Editorial: Zwelinzima Vavi's fight rents fabric of the left

Cosatu general secretary Zwelinzima Vavi. (Gallo)

Cosatu general secretary Zwelinzima Vavi. (Gallo)

Campaigning around the future of trade union federation Cosatu general secretary Zwelinzima Vavi and the related fight over whether or not the unions adopt as policy the national development plan (NDP)intensified at the National Union of Metalworkers of South Africa (Numsa) collective bargaining conference this week. Vavi's most important union allies fought back against efforts to defenestrate him and they flatly rejected the NDP.

Vavi himself said the plan asked workers to "co-operate with our own repression and exploitation". Allegations of political indiscipline and financial impropriety against him, he said, were leaked by "senior leaders of our affiliated unions at the level of the presidents and general secretaries". These close comrades, he said, "are the new enemies of the working class".

He could hardly have made it plainer where the trenches are dug. Nor does he have much choice. His only chance of salvation within the alliance lies in reaching members through a public campaign for the moral high ground.
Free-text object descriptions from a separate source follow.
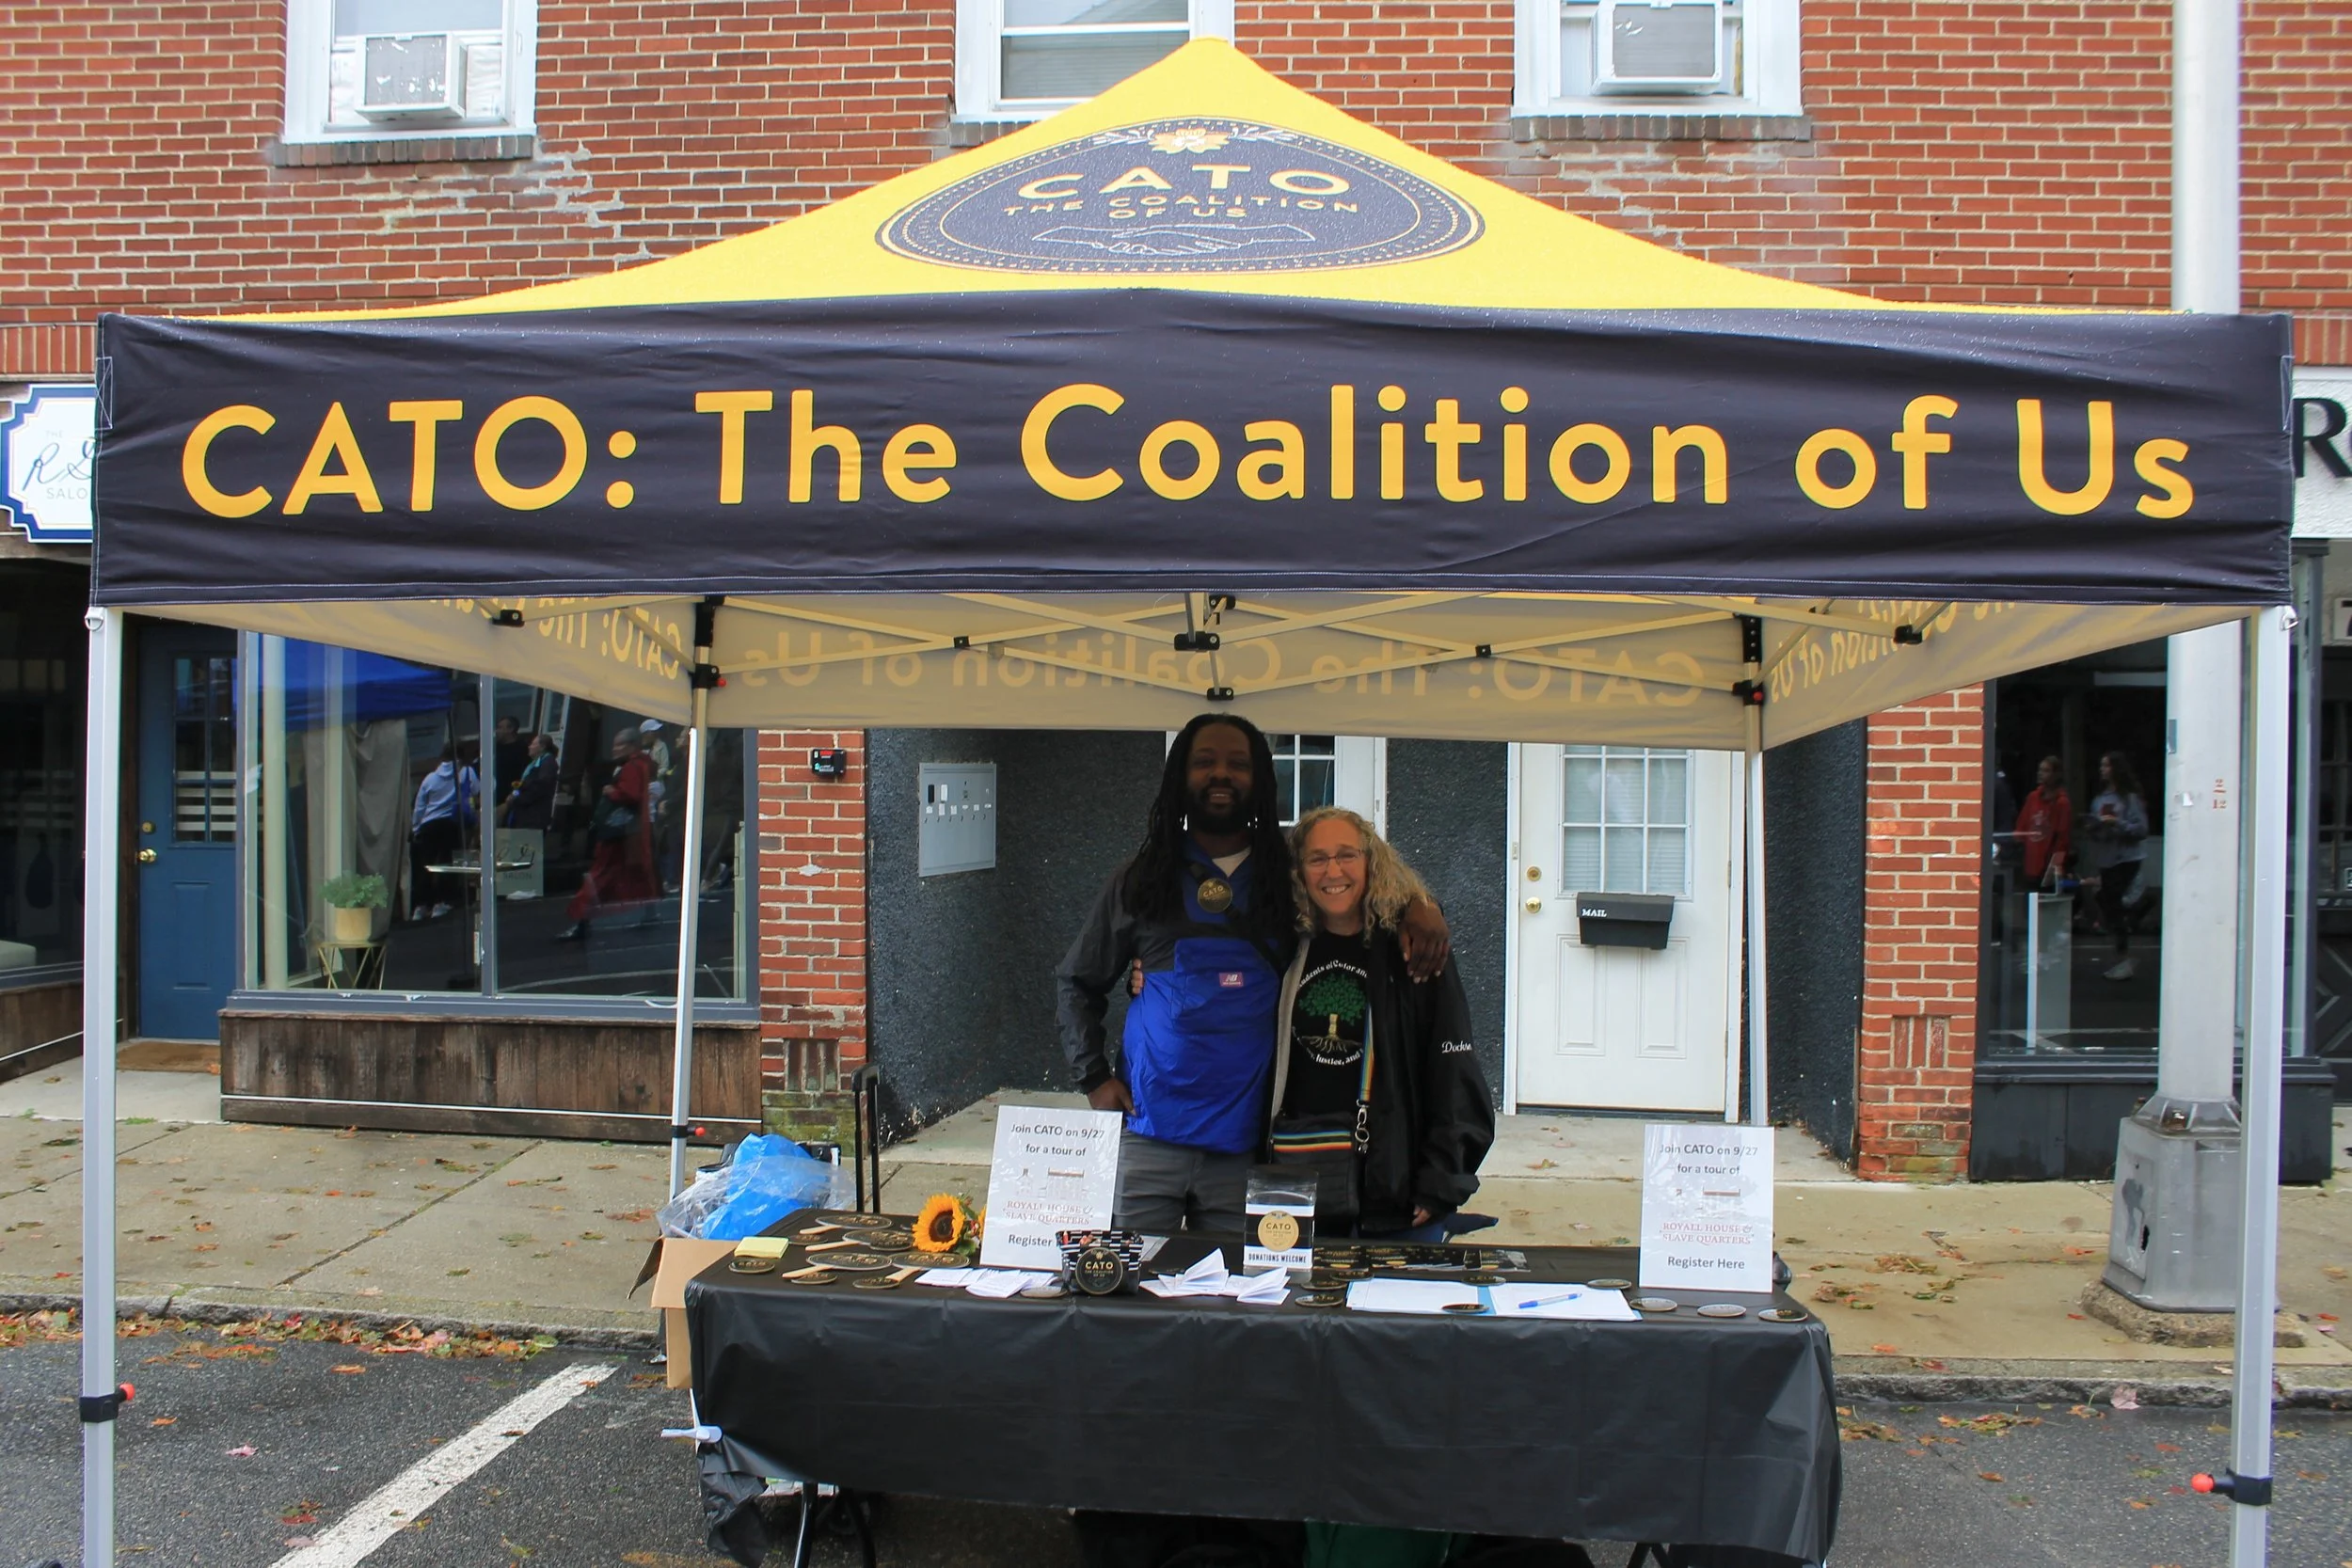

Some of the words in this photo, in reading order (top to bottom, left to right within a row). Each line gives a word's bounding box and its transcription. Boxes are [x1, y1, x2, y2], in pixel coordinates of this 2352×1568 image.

[1019, 164, 1350, 199] CATO
[1003, 200, 1085, 217] THE
[1108, 194, 1359, 214] COALITION
[1108, 207, 1167, 219] OF
[1191, 206, 1248, 218] US
[183, 395, 634, 518] CATO:
[694, 388, 957, 504] The
[1020, 383, 1728, 505] Coalition
[1795, 394, 1959, 511] of
[2016, 398, 2195, 519] Us
[46, 487, 88, 500] SALO
[1203, 884, 1225, 897] CATO
[1581, 908, 1607, 918] MAIL
[1011, 1124, 1031, 1134] Join
[1034, 1124, 1063, 1136] CATO
[1065, 1129, 1079, 1137] on
[1081, 1128, 1105, 1140] 9/27
[1025, 1143, 1041, 1154] for
[1052, 1146, 1073, 1156] tour
[1075, 1148, 1087, 1157] of
[1660, 1144, 1681, 1154] Join
[1683, 1144, 1715, 1155] CATO
[1717, 1147, 1731, 1155] on
[1733, 1147, 1758, 1157] 9/27
[1677, 1163, 1692, 1173] for
[1704, 1164, 1726, 1174] tour
[1729, 1165, 1740, 1175] of
[1047, 1203, 1081, 1213] HOUSE
[1005, 1211, 1036, 1221] SLAVE
[1038, 1212, 1089, 1225] QUARTERS
[1265, 1222, 1292, 1230] CATO
[1662, 1222, 1703, 1231] ROYALL
[1705, 1223, 1740, 1233] HOUSE
[1009, 1233, 1053, 1247] Register
[1662, 1233, 1694, 1243] SLAVE
[1696, 1233, 1752, 1245] QUARTERS
[1248, 1253, 1279, 1262] DONATIONS
[1280, 1255, 1307, 1263] WELCOME
[1667, 1256, 1714, 1269] Register
[1717, 1258, 1745, 1269] Here
[1085, 1260, 1114, 1270] CATO
As he knows, however, that is a place our politics tend to detour around.

These coiled strands of leadership struggle and policy conflict are the DNA that has coded instability in the alliance since at least 1996.
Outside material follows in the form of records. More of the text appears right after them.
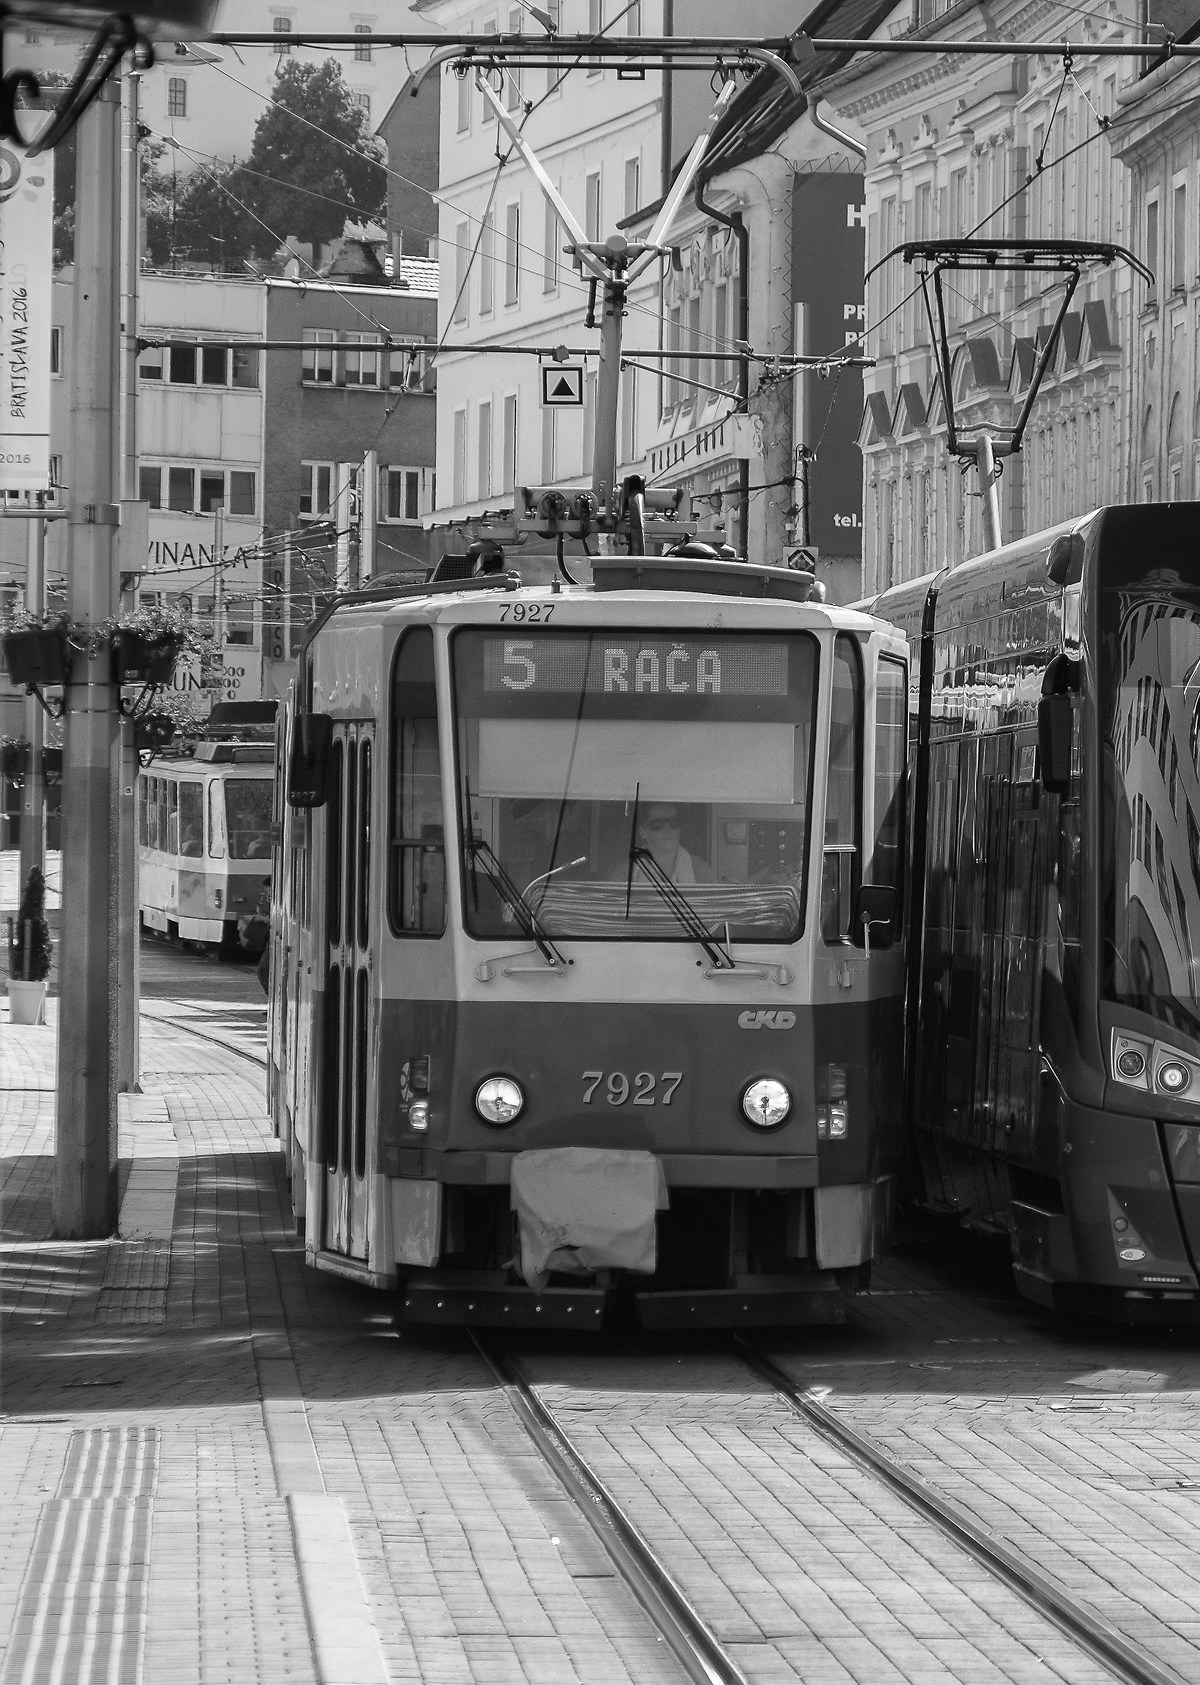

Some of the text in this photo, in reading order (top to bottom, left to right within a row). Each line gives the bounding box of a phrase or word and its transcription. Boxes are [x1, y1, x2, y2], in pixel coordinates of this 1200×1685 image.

[12, 287, 28, 323] 2016
[9, 326, 29, 419] BRATISLAVA
[0, 453, 31, 464] 2016
[833, 513, 862, 527] tel.
[498, 603, 556, 624] 7927
[501, 640, 722, 693] 5 RAČA
[580, 1071, 684, 1107] 7927
It was opposition to the government's macroeconomic stabilisation ­project, Gear, that helped to harden the left's enmity with then-president Thabo Mbeki and led Vavi to campaign vigorously on behalf of Jacob Zuma.

Removing Vavi
In the first flush of the Polokwane victory that followed, Willie Madisha was forced out as president of Cosatu after a disciplinary case was trumped up to punish him for his support of Mbeki. His replacement, Sdumo Dlamini, is now an important figure in the Cosatu faction seeking to remove Vavi.

This time, Vavi finds himself in opposition not just to a resurgent Zuma, but also to the most powerful bloc of left leadership. There are important differences, however. First, Vavi is a figure of far greater political import than Madisha was, and the issues he has campaigned on, notably corruption, have begun to generate real popular resonance. Second, support for the NDP from the pro-Zuma left is distinctly ambivalent. They are going along for political rather than ideological reasons. Finally, the established unions face a major threat from new formations such as the Association of Mineworkers and Construction Union, which draws its perceived legitimacy from its outsider status.

Unlike Julius Malema, who is shivering in exile, a Vavi operating outside the alliance would pose a far greater threat than he does on the inside.

If the left leadership chooses to purge Vavi in pursuit of coherence behind Zuma and his programme, it will have ceded its role as a quasi-independent internal check on the ruling party, reducing the unions to a mobilisation tool for ANC factions. In accordance with the laws of political physics, the energy of opposition must then go elsewhere and perhaps take a less manageable form. In effect, the Mbeki plan to excise the left from the alliance will have been completed by the very people who removed him, albeit in a different form. Whatever your views on the NDP (which the Mail & Guardian broadly supports) this scenario would be hugely consequential.

Vavi has always refused to countenance it, however. He believes the ­hyenas are best policed from within the fenced reserve of the alliance and, indeed, that approach has helped to redress the imbalances of our single-party-dominated system. He may not have a choice for much longer.

This may not be the final point of rupture, but mark it down as a deep rift in the fabric. More will follow.